Design and Evolution of a Mobile Live‑Streaming Platform at Beike
This article describes how Beike built, refined, and scaled a mobile live‑streaming platform—detailing early challenges, architectural pain points of version 1.0, and the systematic improvements introduced in version 2.0 such as clear boundaries, functional aggregation, layered platform design, dynamic configuration, monitoring, and zero‑cost integration to support diverse business scenarios.
1. Introduction
Digital transformation has pushed many industries to move scenarios online, and Beike responded by launching live‑streaming features for agent training, virtual tours, and contract signing. The initial rollout was rushed to meet pandemic‑driven deadlines, resulting in a single‑project client built purely for functional delivery.
2. Industry Challenges
Numerous live‑streaming features (real‑time audio/video, CDN bypass, IM, document sharing, gifts, danmaku, sharing, etc.).
Designing an architecture that can handle increasingly complex multi‑scenario business.
Coordinating simultaneous development of the same page or feature by multiple developers.
Ensuring backward compatibility for new message types.
Device and OS fragmentation across iOS and Android.
Optimizing performance and resource usage on constrained mobile devices.
3. Pain Points of Beike Live 1.0
Unclear boundaries between middle‑office and front‑end logic, leading to extensive discussion and high integration cost.
Live‑SDK layers were poorly separated, causing tight coupling, low cohesion, and limited reusability.
Low degree of dynamic configuration; even minor feature tweaks required a new release.
High onboarding cost for new developers because live features were tightly coupled with business logic.
4. Improvements in Beike Live 2.0
4.1 Clear Boundaries and Responsibilities
The client now interacts only with a single business front‑end, which in turn mediates all downstream systems, simplifying the mobile side and eliminating direct calls to commerce or acquisition platforms.

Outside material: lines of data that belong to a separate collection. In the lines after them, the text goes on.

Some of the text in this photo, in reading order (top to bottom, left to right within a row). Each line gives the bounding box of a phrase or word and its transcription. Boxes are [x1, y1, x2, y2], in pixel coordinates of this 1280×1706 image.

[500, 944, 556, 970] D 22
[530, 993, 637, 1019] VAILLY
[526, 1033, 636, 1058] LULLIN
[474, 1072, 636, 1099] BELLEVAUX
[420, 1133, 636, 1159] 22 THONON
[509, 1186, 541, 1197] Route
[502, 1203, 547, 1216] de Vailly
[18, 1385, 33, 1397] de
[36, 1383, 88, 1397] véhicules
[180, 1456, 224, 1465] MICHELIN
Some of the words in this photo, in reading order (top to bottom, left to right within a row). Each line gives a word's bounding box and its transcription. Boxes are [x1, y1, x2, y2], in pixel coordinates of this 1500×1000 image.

4.2 Function Aggregation and Convergence
Core live‑streaming processes and functions are encapsulated into a unified platform, exposing key nodes via interfaces or abstractions to keep business logic decoupled and extensible.
4.3 Platformization and Layering
The platform separates responsibilities into four vertical layers: Basic (initialization and parameter handling), Framework (core live‑streaming functions), Controller (orchestrates framework and middle‑office), and Compose (independent reusable UI components such as likes, shares, and danmaku).
4.4 Dynamic Configuration
All functional modules are driven by runtime configuration, allowing the platform to switch between TRTC and CDN, enable or disable features (likes, co‑hosting, gifts, etc.), and adapt to different live‑streaming scenarios without code changes.

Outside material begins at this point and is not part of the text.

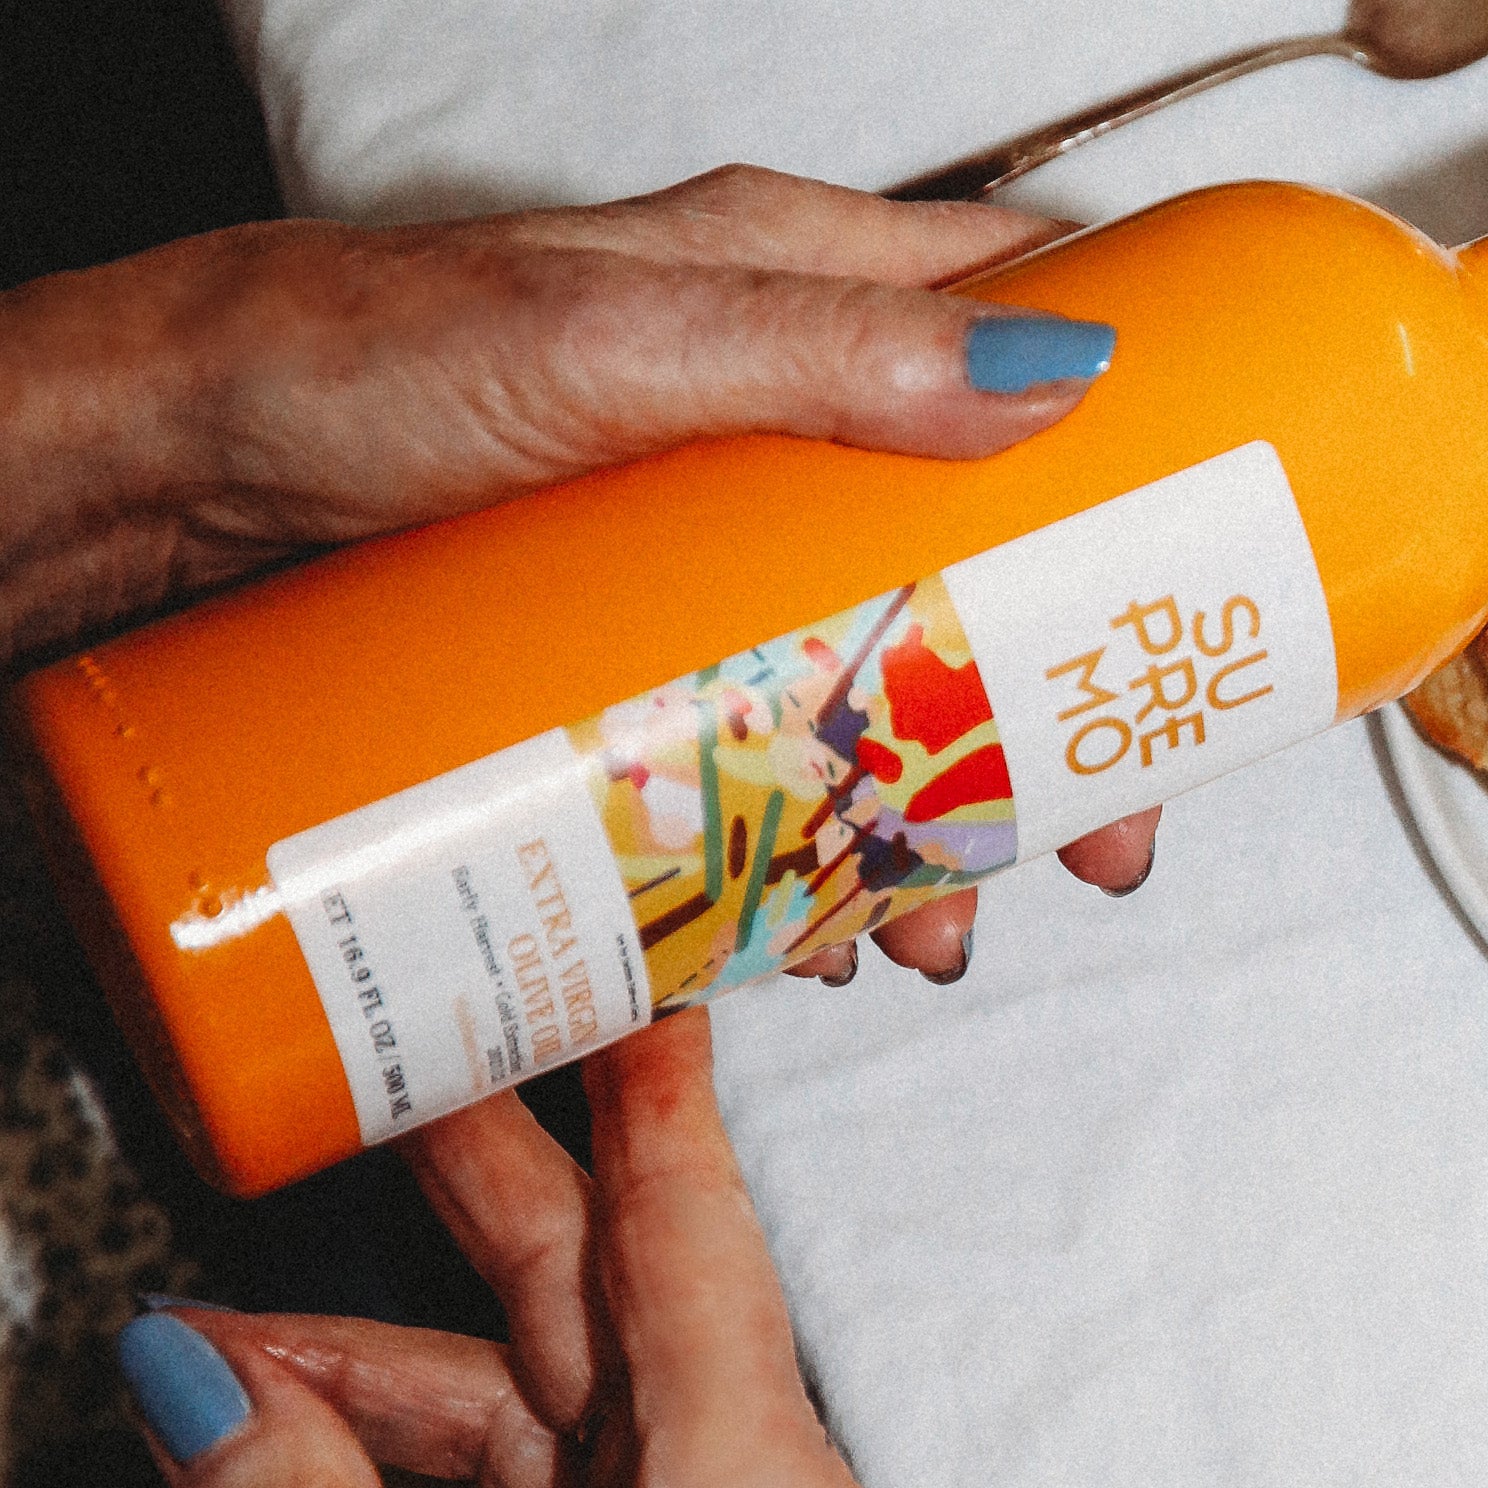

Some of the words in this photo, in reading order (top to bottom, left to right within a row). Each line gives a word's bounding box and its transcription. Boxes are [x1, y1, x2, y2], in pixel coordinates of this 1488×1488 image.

4.5 Monitoring and Logging
The platform collects logs and metrics centrally; actual reporting is delegated to the client‑side reporters, reducing coupling and version‑maintenance overhead.
4.6 Zero‑Cost Integration
Developers only need to add the appropriate library and perform minimal initialization; the platform handles the rest, letting business teams focus on their core logic.

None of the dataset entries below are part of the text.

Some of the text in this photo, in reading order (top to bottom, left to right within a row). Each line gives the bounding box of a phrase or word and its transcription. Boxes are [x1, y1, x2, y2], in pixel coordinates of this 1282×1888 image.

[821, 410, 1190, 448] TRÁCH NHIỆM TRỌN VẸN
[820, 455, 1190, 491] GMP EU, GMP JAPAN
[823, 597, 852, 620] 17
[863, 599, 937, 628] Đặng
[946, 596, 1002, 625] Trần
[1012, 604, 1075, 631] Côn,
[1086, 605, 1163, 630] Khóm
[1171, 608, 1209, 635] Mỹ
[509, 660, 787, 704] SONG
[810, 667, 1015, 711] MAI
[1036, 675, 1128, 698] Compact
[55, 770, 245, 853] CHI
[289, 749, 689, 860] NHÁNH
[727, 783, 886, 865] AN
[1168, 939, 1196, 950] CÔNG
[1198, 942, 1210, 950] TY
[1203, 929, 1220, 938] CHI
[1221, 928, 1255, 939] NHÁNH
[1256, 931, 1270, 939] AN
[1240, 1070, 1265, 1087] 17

4.6.1 Dependency Declaration
implementation(rootProject.ext.depsLibs.common_live) {
changing = true;
transitive = true;
}
implementation(rootProject.ext.depsLibs.ke_live_compose) {
changing = true;
transitive = true;
}
implementation(rootProject.ext.depsLibs.ke_live_controller) {
changing = true;
transitive = true;
}
implementation(rootProject.ext.depsLibs.ke_live_framework) {
changing = true;
transitive = true;
}
implementation(rootProject.ext.depsLibs.ke_lib_basic) {
changing = true;
transitive = true;
}4.6.2 Initialization
// Set playback callbacks
mLiveController.setLivePlayListener(mLivePlayListener);
final String groupId = getRoomId() + "";
// Register cloud streaming callbacks
VideoManager.getInstance().registerCloudListener(groupId, mCloudListenerImpl);
// Register IM callbacks
MessageManager.getInstance().registerMessageListener(groupId, mMessageListener);4.6.3 Resource Release
mLiveController.onRelase();
VideoManager.getInstance().unRegisterCloudListener(mCloudListenerImpl);
MessageManager.getInstance().unRegisterMessageListener(mMessageListener);4.7 Ultimate Shape
The final architecture presents a fully decoupled, configurable, and monitorable live‑streaming platform that can be consumed by any business scenario with minimal effort.
5. Business Use Cases
The platform now supports a wide range of Beike services, including agent training, virtual negotiations, online contract signing, new‑home live broadcasts, second‑hand property tours, overseas showcases, celebratory events, and more.
6. Postscript
After the rapid iteration that satisfied early business needs, the team focused on optimizing and upgrading the live‑streaming framework. By layering the technology and encapsulating common components, the platform eliminated coupling between business, middle‑office, and front‑end, making live‑stream development almost identical to ordinary feature development and dramatically improving development efficiency.